It's crucial to understand that acute migraine medications are designed for intermittent use. Using them too frequently - more than 9 to 10 days per month - can paradoxically lead to more headaches, a condition called medication overuse headache. This creates a cycle where the medication that once provided relief now perpetuates the problem.

Over-the-Counter Pain Relievers

For mild to moderate migraines, non-prescription pain relievers can be effective when taken early. The most commonly used options include paracetamol (acetaminophen) and non-steroidal anti-inflammatory drugs (NSAIDs) such as ibuprofen, naproxen, and aspirin. These medications work by reducing inflammation and blocking pain signals.

Aspirin combined with caffeine is particularly effective for migraines. The caffeine enhances absorption and increases the pain-relieving effect of aspirin. However, if you rely on caffeine-containing medications, be aware that this can contribute to medication overuse headache if used too frequently.

It's essential not to exceed recommended doses, especially with paracetamol, as overdose can cause serious liver damage. NSAIDs should be used cautiously by people with stomach problems, kidney disease, or cardiovascular conditions.

Triptans - The Gold Standard for Migraine

Triptans revolutionized migraine treatment when they were introduced in the 1990s and remain the most effective acute treatment for most people with moderate to severe migraines. These medications work by activating serotonin receptors in the brain, which causes constriction of dilated blood vessels and reduces the release of inflammatory substances involved in migraine pain.
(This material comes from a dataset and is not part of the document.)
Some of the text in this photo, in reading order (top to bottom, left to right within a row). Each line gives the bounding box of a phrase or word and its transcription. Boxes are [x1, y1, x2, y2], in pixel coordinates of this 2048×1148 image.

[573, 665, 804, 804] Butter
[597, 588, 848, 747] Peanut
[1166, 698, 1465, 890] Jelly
Multiple triptans are available, including sumatriptan, rizatriptan, eletriptan, zolmitriptan, naratriptan, and almotriptan. While they all work through similar mechanisms, they differ in how quickly they act, how long their effects last, and their side effect profiles. Some people respond better to one triptan than another, so it may be worth trying different options to find the most effective one for you.

Triptans come in various formulations - tablets, dissolvable tablets that work faster, nasal sprays, and injections. Nasal sprays and injections are particularly useful if you experience severe nausea or vomiting during attacks, as they bypass the digestive system. The injection form of sumatriptan provides the fastest relief, typically within 10-15 minutes.
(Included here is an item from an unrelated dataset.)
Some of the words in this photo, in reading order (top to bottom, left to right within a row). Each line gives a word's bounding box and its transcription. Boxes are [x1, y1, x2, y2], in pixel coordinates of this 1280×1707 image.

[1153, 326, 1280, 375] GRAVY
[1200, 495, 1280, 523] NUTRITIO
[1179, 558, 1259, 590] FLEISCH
Important timing for triptans:

Do not take triptans during the aura phase of migraine - wait until the headache begins. Taking them too early may reduce effectiveness. However, once headache starts, earlier treatment produces better results. If the first dose doesn't work, don't take a second dose for the same attack. You may take another dose if the headache goes away but returns, but wait at least 2 hours between doses.

Anti-Nausea Medications

Nausea and vomiting are common migraine symptoms that not only cause additional suffering but also impair absorption of oral medications. Metoclopramide is commonly used alongside migraine treatments for several reasons: it reduces nausea, speeds up stomach emptying (which improves absorption of other medications), and may have some direct anti-migraine effects.

During a migraine attack, the stomach essentially slows down or stops working properly - a phenomenon called gastric stasis. This means that tablets you swallow may sit in the stomach without being absorbed effectively. By restoring normal stomach function, metoclopramide helps your migraine medication reach your bloodstream where it can work.
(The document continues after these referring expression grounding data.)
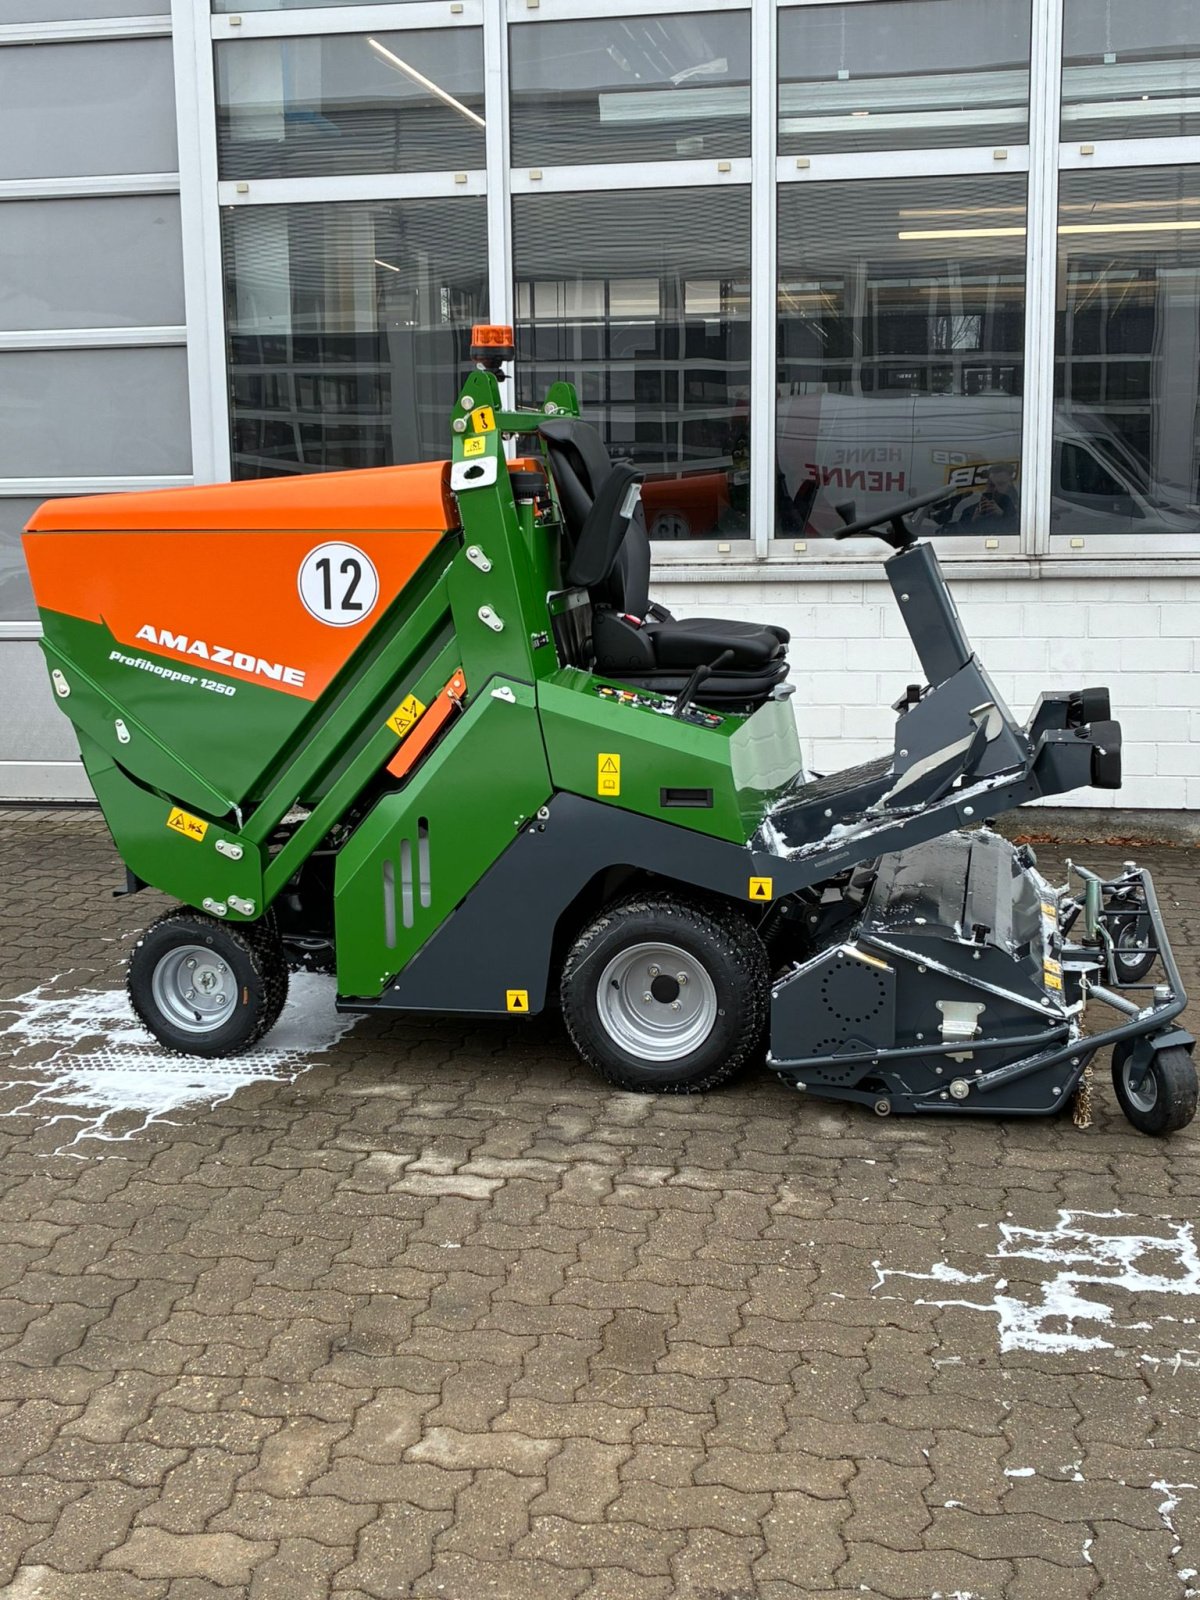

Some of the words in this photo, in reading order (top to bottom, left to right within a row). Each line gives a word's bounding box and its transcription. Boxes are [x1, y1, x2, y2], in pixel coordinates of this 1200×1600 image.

[315, 557, 363, 611] 12
[108, 650, 198, 685] Profihopper
[200, 677, 237, 697] 1250
[135, 624, 306, 688] AMAZONE
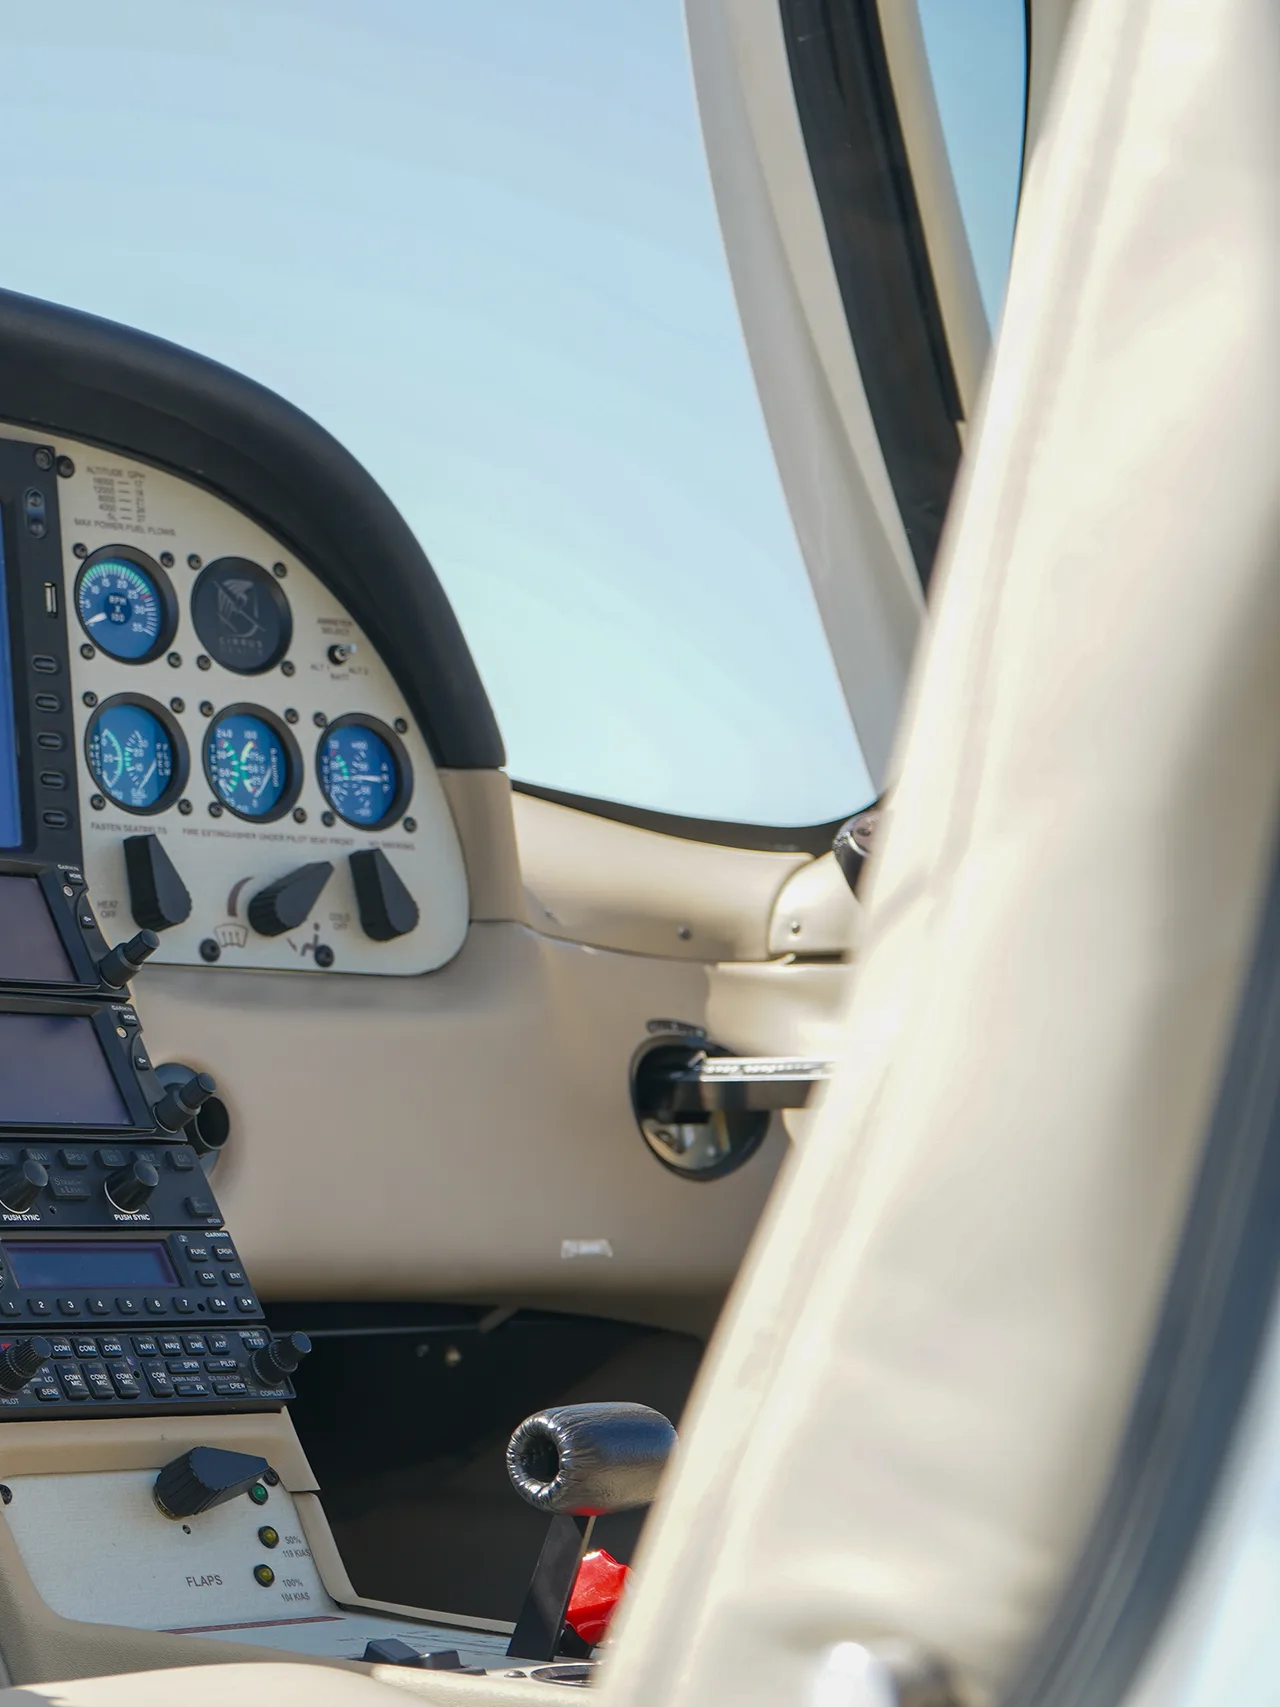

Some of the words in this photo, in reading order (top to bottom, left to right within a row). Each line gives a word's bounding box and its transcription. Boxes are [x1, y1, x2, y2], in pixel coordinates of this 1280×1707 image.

[94, 520, 124, 531] POWER
[126, 524, 145, 534] FUEL
[147, 526, 176, 537] FLOWS
[117, 579, 128, 589] 20
[127, 589, 138, 599] 25
[109, 595, 127, 605] RPM
[111, 612, 126, 622] 100
[90, 822, 121, 832] FASTEN
[123, 824, 167, 835] SEATBELTS
[182, 828, 199, 836] FIRE
[201, 829, 256, 840] EXTINGUISHER
[259, 832, 284, 841] UNDER
[286, 834, 307, 844] PILOT
[309, 836, 327, 845] SEAT
[329, 837, 355, 846] FRONT
[57, 864, 80, 872] GARMIN
[97, 900, 118, 909] HEAT
[100, 910, 116, 918] OFF
[111, 1004, 133, 1012] GARMIN
[202, 1272, 216, 1280] CLR
[229, 1272, 242, 1280] ENT
[248, 1338, 265, 1346] TEST
[284, 1536, 302, 1545] 50%
[282, 1550, 294, 1559] 119
[295, 1548, 311, 1557] KIAS
[185, 1574, 223, 1588] FLAPS
[282, 1579, 304, 1588] 100%
[281, 1593, 294, 1602] 104
[294, 1592, 311, 1601] KIAS
How Do Triptans Work and Which One Should I Choose?

Triptans work by activating serotonin receptors, causing blood vessel constriction and reducing inflammation in the brain. They're available as tablets, dissolvable tablets, nasal sprays, and injections. Different triptans have varying speeds of action and duration - your doctor can help find the best match for your migraine pattern.

Understanding how triptans work helps explain why they're so effective for migraine and why certain precautions are necessary. During a migraine attack, blood vessels in and around the brain become dilated and inflamed. Specialized nerve fibers release inflammatory substances called neuropeptides, particularly CGRP (calcitonin gene-related peptide), which perpetuate pain and inflammation.

Triptans activate specific serotonin receptors (5-HT1B and 5-HT1D) on blood vessels and nerve endings. This causes three beneficial effects: constriction of the dilated blood vessels, reduced release of inflammatory neuropeptides, and inhibition of pain signal transmission in the trigeminal nerve pathway that carries pain signals from the head to the brain.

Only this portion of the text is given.